Need help understanding S7V8F3

Hello,

Background:
I am attempting to battery power an atmega328p with a PIR and RFM69 radio and I am wondering if using the step up/down regulator S7V8F3 makes sense. I am going to put the controller and radio sleep and wake them periodically or when the PIR registers motion.

I am trying to understand if you gain more overall battery usage with say, 3 standard AA batteries and the S7V8F3 or powering directly from AA batteries with no regulator.
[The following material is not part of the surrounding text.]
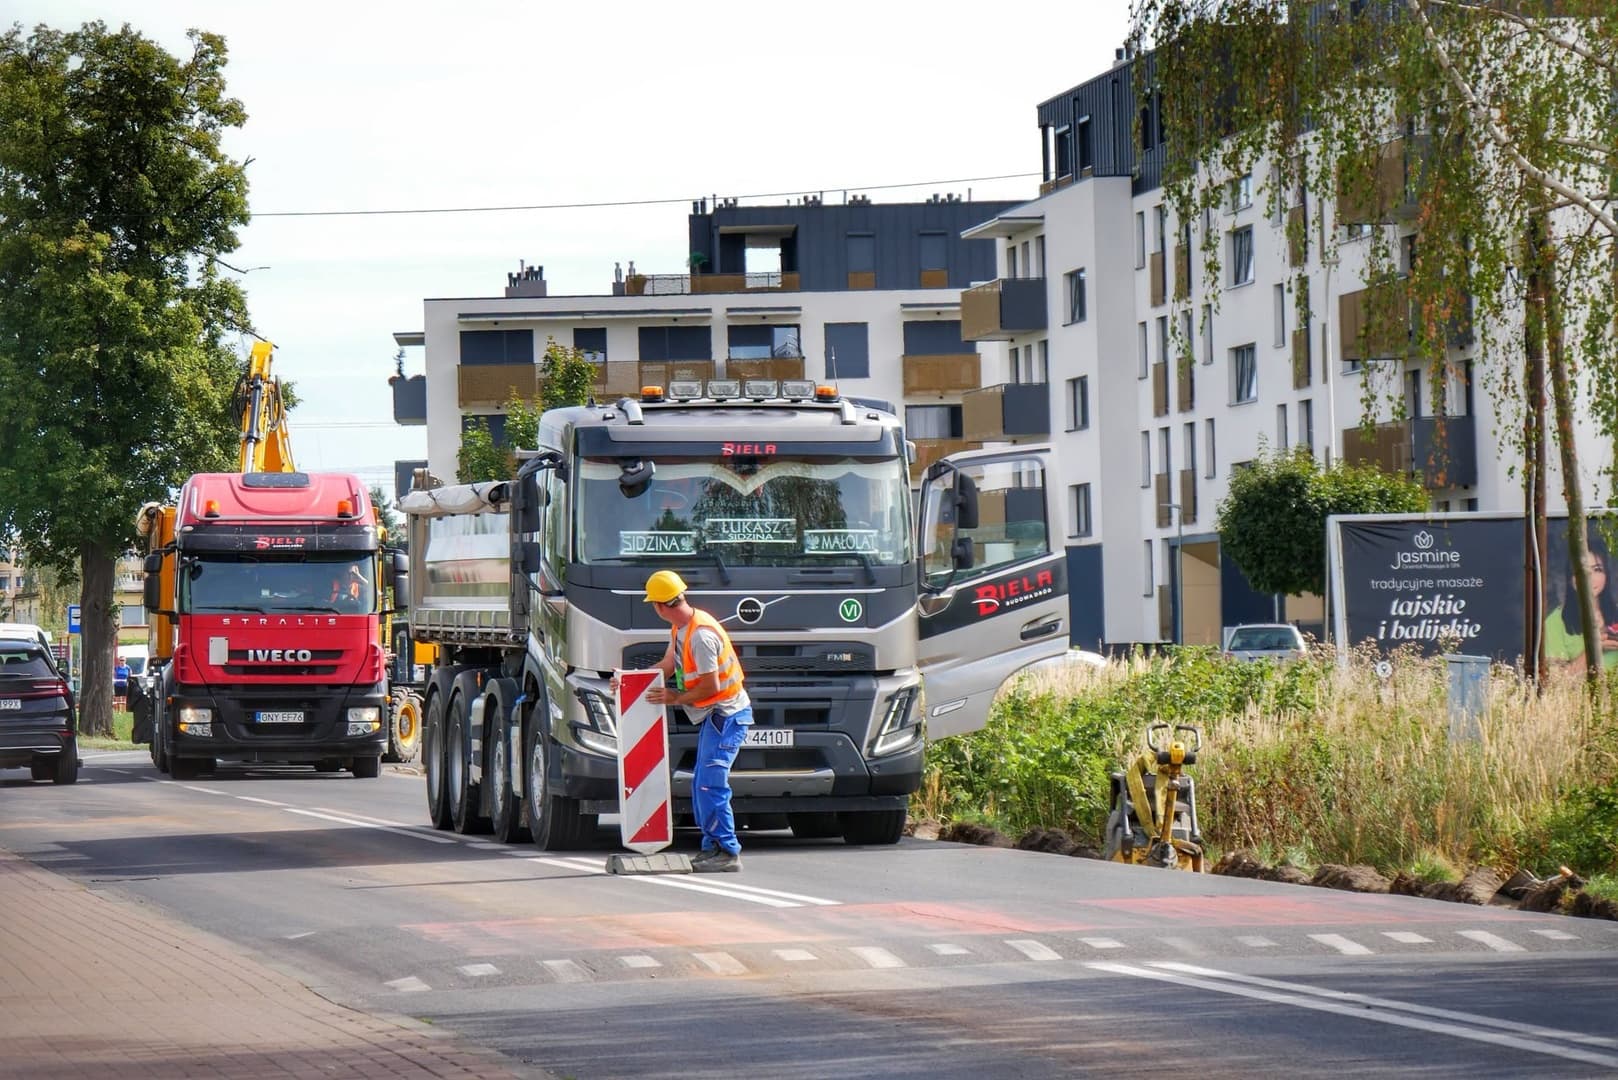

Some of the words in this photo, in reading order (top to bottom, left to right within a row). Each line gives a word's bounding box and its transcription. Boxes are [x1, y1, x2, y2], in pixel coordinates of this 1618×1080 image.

From how I read the specs and understand how this works, the max quiescent current of the S7V8F3 is less than .1mA even with the regulator always on and without the SHDN pin driven low, correct? If that’s the case its seems the extra 1700 or so mAH plus being able to go down in voltage would net a significant amount of extended battery life.

Thanks

It is not totally clear exactly what you are asking and I am not sure how you calculated your 1700mAH figure. Could you explain where it came from?

It sounds like you want to use the S7V8F3 regulator in your system to be able to turn off power to your microcontroller and/or radio while you wait for your PIR sensor to detect. If that is the case, using the regulator will likely extend the life of your battery, since those parts will not be drawing current most of the time.
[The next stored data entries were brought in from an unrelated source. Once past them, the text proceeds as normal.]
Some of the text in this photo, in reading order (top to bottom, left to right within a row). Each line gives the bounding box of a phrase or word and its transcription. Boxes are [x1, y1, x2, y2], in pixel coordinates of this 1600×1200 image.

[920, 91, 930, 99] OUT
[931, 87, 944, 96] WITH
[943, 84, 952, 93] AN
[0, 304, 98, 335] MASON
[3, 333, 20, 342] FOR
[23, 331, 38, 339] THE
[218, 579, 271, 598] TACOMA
If instead you are just asking if powering all three components from that regulator will let you get more energy out of your battery, that is a little trickier. The regulator might allow you to discharge the batteries to a lower voltage and get more energy out of them; however, that might not actually get you a significant increase in battery life because of the shape of the batteries’ discharge curve, and the regulator introducing its own additional losses.

-Claire

That helps. I think I see why my post is confusing. I think I was incorrect in thinking that by having three AA batteries in total as opposed to just two AA batteries I would gain more mAH (1700mAH being the assumption assuming a single AA battery is 1700mAH). After reading some more that does not seem like that is the case? Adding an additional AA battery will net a higher voltage but not provide me the additional capacity of another battery, correct? I don’t need the extra voltage from the third battery for my project, as it only requires 3.3v to power all devices.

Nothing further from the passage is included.